* [ACTIVITY]: When copying the entries below, leave out every picture and keep the rest exact.

* [EXERCISE DATA]:
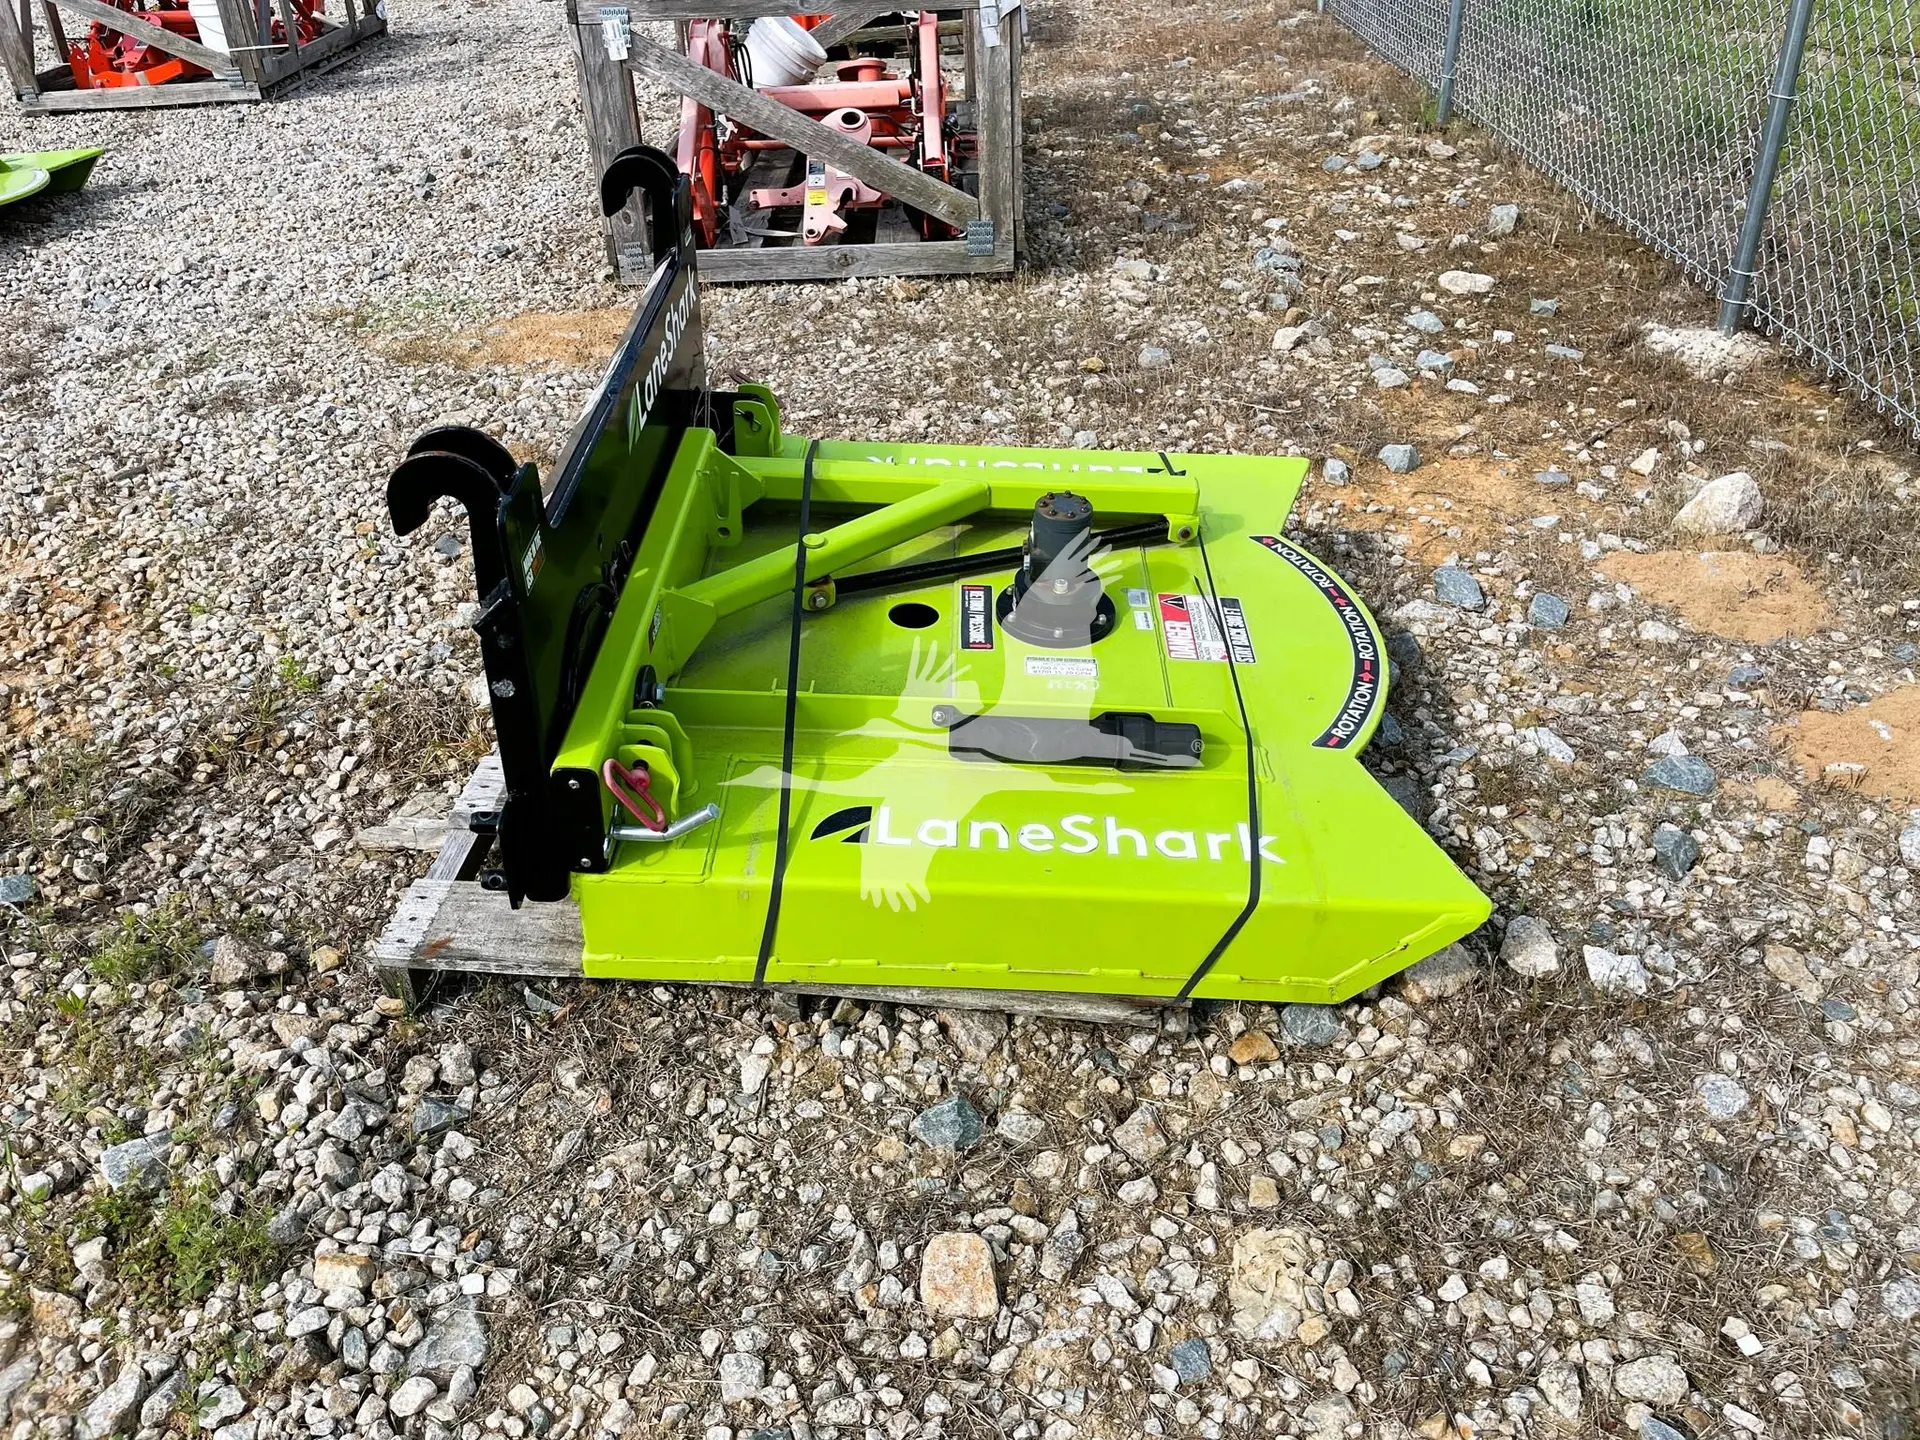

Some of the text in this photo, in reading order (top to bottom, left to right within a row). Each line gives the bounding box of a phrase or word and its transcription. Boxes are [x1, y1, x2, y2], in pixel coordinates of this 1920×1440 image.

[635, 264, 697, 431] LaneShark
[1270, 542, 1334, 588] ROTATION
[969, 614, 985, 643] PRESSURE
[1223, 607, 1241, 616] FT
[1164, 620, 1198, 659] DANGER
[1228, 628, 1250, 646] BACK
[1232, 646, 1255, 662] STAY
[1339, 606, 1375, 660] ROTATION
[1331, 681, 1374, 739] ROTATION
[877, 805, 1287, 865] LaneShark
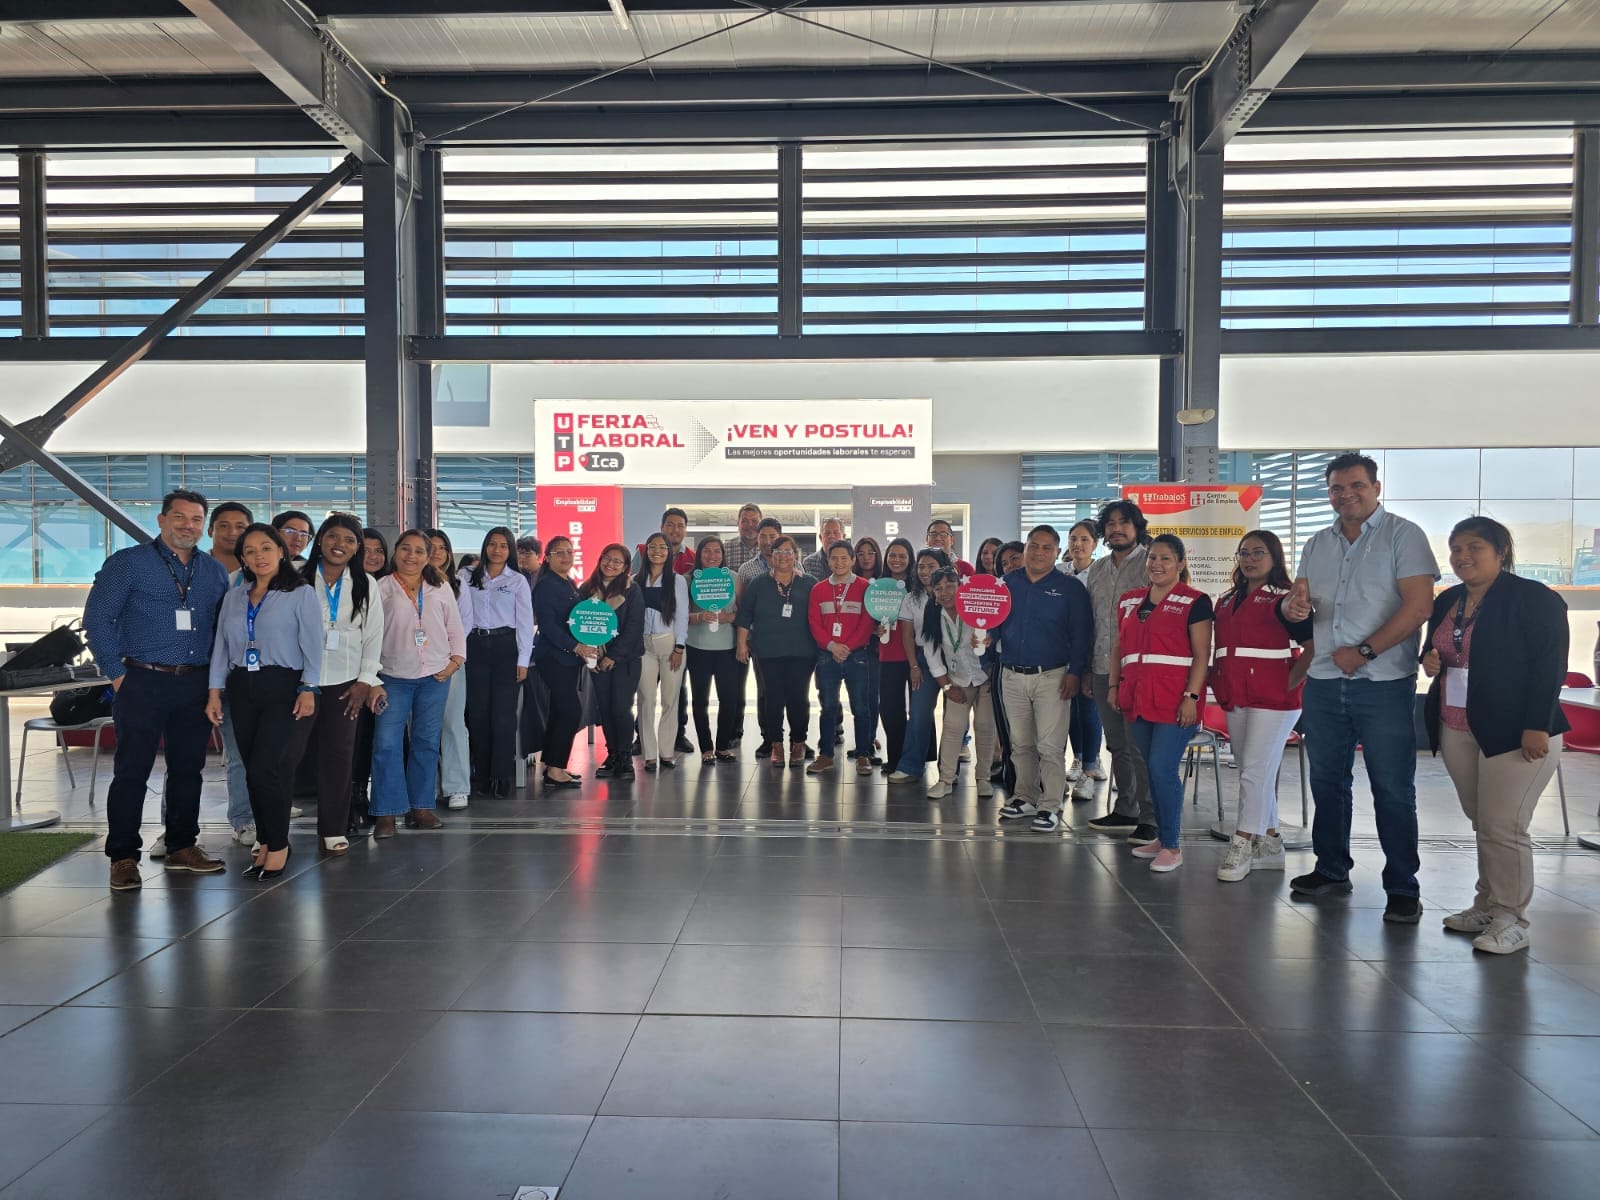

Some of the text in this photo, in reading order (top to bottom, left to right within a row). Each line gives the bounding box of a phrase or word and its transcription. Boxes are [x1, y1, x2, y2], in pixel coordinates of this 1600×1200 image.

* [REPLY]:
Some of the text in this photo, in reading order (top to bottom, left to right within a row). Each line gives the bounding box of a phrase or word and its transcription. Boxes are [x1, y1, x2, y2], in pixel coordinates of this 1920×1440 image.

[635, 264, 697, 431] LaneShark
[1270, 542, 1334, 588] ROTATION
[969, 614, 985, 643] PRESSURE
[1223, 607, 1241, 616] FT
[1164, 620, 1198, 659] DANGER
[1228, 628, 1250, 646] BACK
[1232, 646, 1255, 662] STAY
[1339, 606, 1375, 660] ROTATION
[1331, 681, 1374, 739] ROTATION
[877, 805, 1287, 865] LaneShark

Some of the text in this photo, in reading order (top to bottom, left to right within a row). Each line gives the bounding box of a phrase or word and its transcription. Boxes are [x1, y1, x2, y2], in pixel coordinates of this 1600×1200 image.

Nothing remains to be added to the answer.